# 1. Loading Data and Importing Libraries

In [None]:
!pip install country_converter

In [None]:
import pandas as pd
import numpy as np
import country_converter as coco
import matplotlib.pyplot as plt
import seaborn as sns
import plotly.express as px
import plotly.figure_factory as ff
import plotly.graph_objects as go
from wordcloud import WordCloud
import warnings
warnings.filterwarnings('ignore')
import nltk

%matplotlib inline

In [None]:
df = pd.read_csv('/kaggle/input/data-science-salaries-2023/ds_salaries.csv')
df.drop(df[['salary','salary_currency']], axis = 1, inplace = True)

In [None]:
print(df.shape)
df.head()

So, we have 9 columns with 3755 rows:

3 numeric columns : work_year, salary_in_usd,remote_ratio.

6 categorical columns : experience_level,employment_type, job_title, employee_residense, company_location, company_size.

In [None]:
df.isnull().sum()

No missing values to deal with!

# 2. Univariate Analysis

## Dealing with Categorical features

###Experience Level

There's 4 categorical values  in column 'Experience Level', each are:


*  EN, which refers to Entry-level / Junior.

*   MI, which refers to Mid-level / Intermediate.

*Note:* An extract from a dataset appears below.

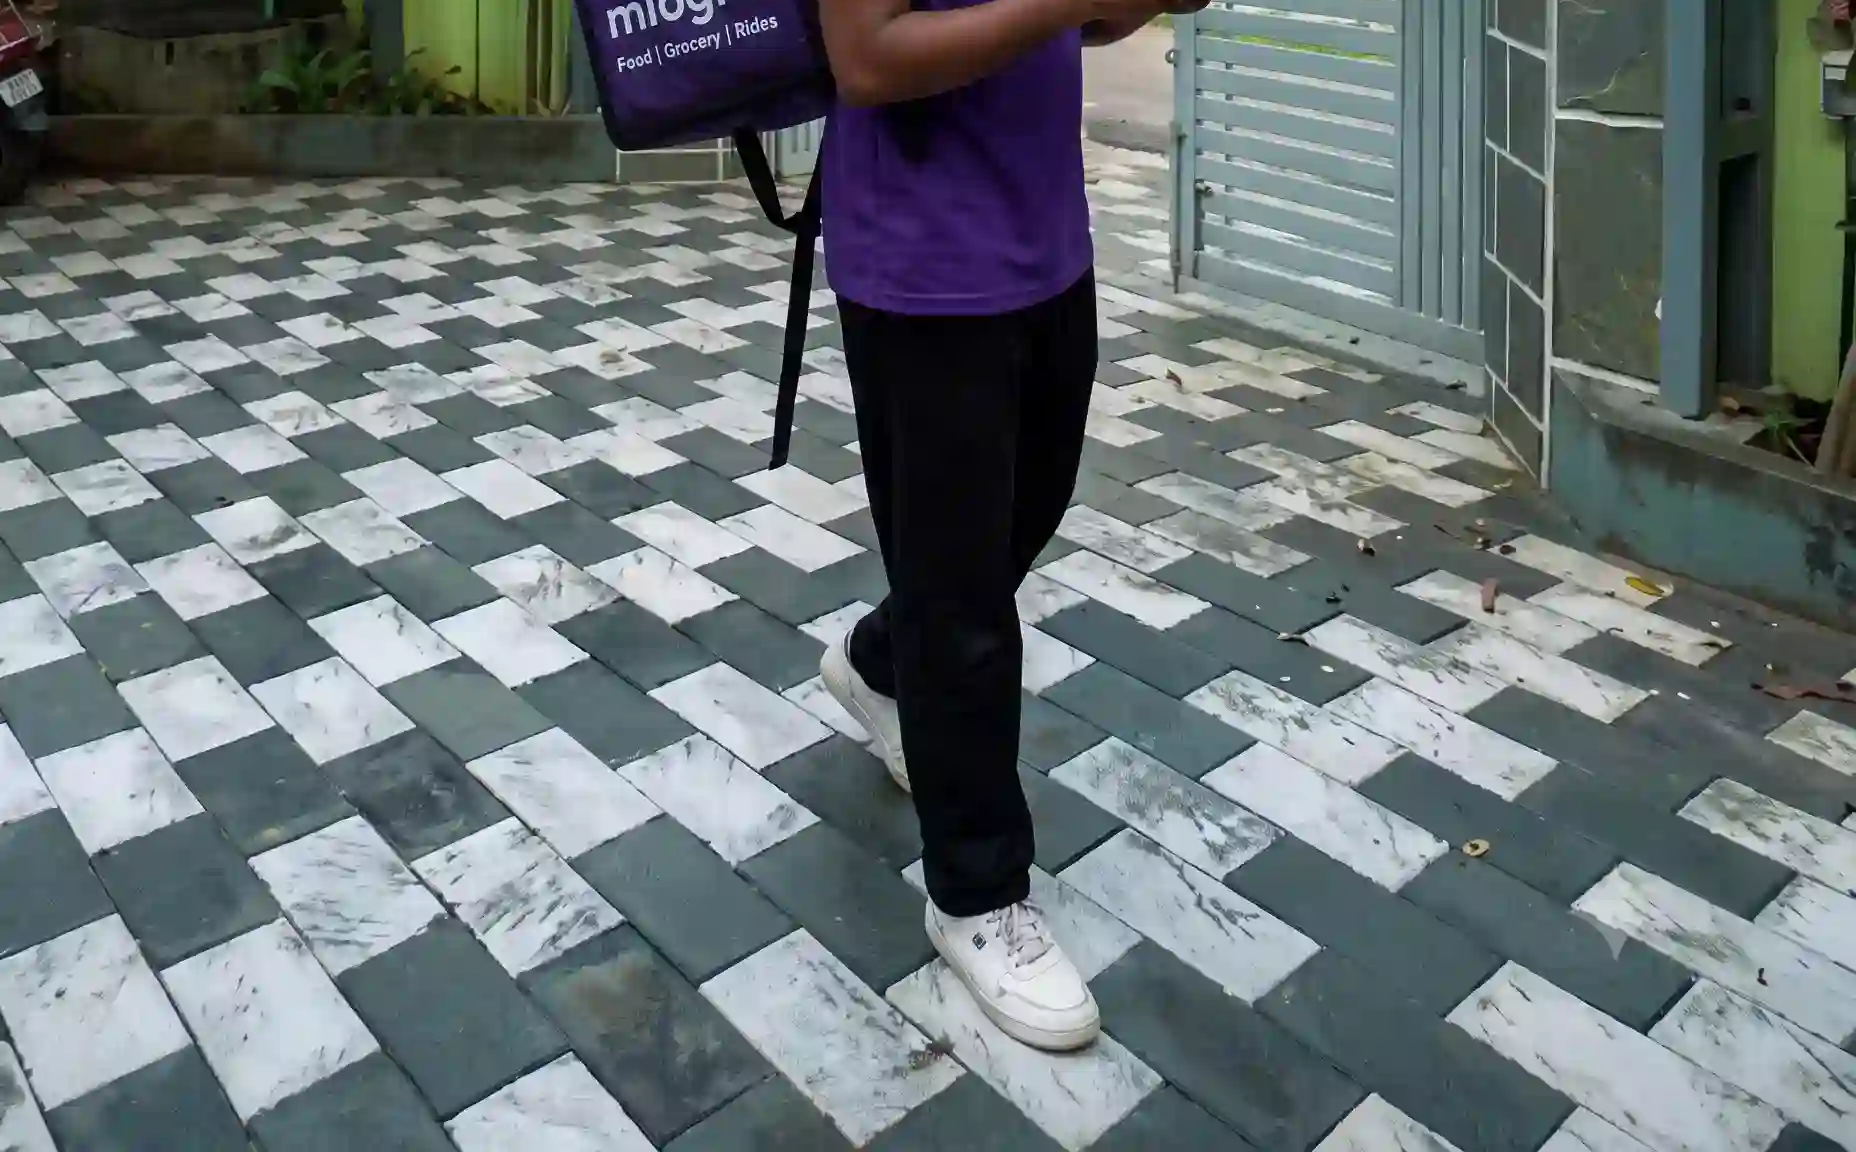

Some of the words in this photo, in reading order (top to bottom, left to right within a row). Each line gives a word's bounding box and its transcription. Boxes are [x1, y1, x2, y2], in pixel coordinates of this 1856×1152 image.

[617, 48, 653, 73] Food
[663, 32, 721, 58] Grocery
[734, 14, 779, 39] Rides

*   SE, which refers to Senior-level / Expert.

*   EX, which refers to Executive-level / Director.


In [None]:
df['experience_level'] = df['experience_level'].replace('EN','Entry-level/Junior')
df['experience_level'] = df['experience_level'].replace('MI','Mid-level/Intermediate')
df['experience_level'] = df['experience_level'].replace('SE','Senior-level/Expert')
df['experience_level'] = df['experience_level'].replace('EX','Executive-level/Director')

ex_level = df['experience_level'].value_counts()
fig = px.treemap(ex_level, path = [ex_level.index], values = ex_level.values, 
                title = 'Experience Level')
fig.show()

From treemap above, we observe that Senior-level/Expert accounts for the highest, and Mid-level/Intermediate ranked the next. 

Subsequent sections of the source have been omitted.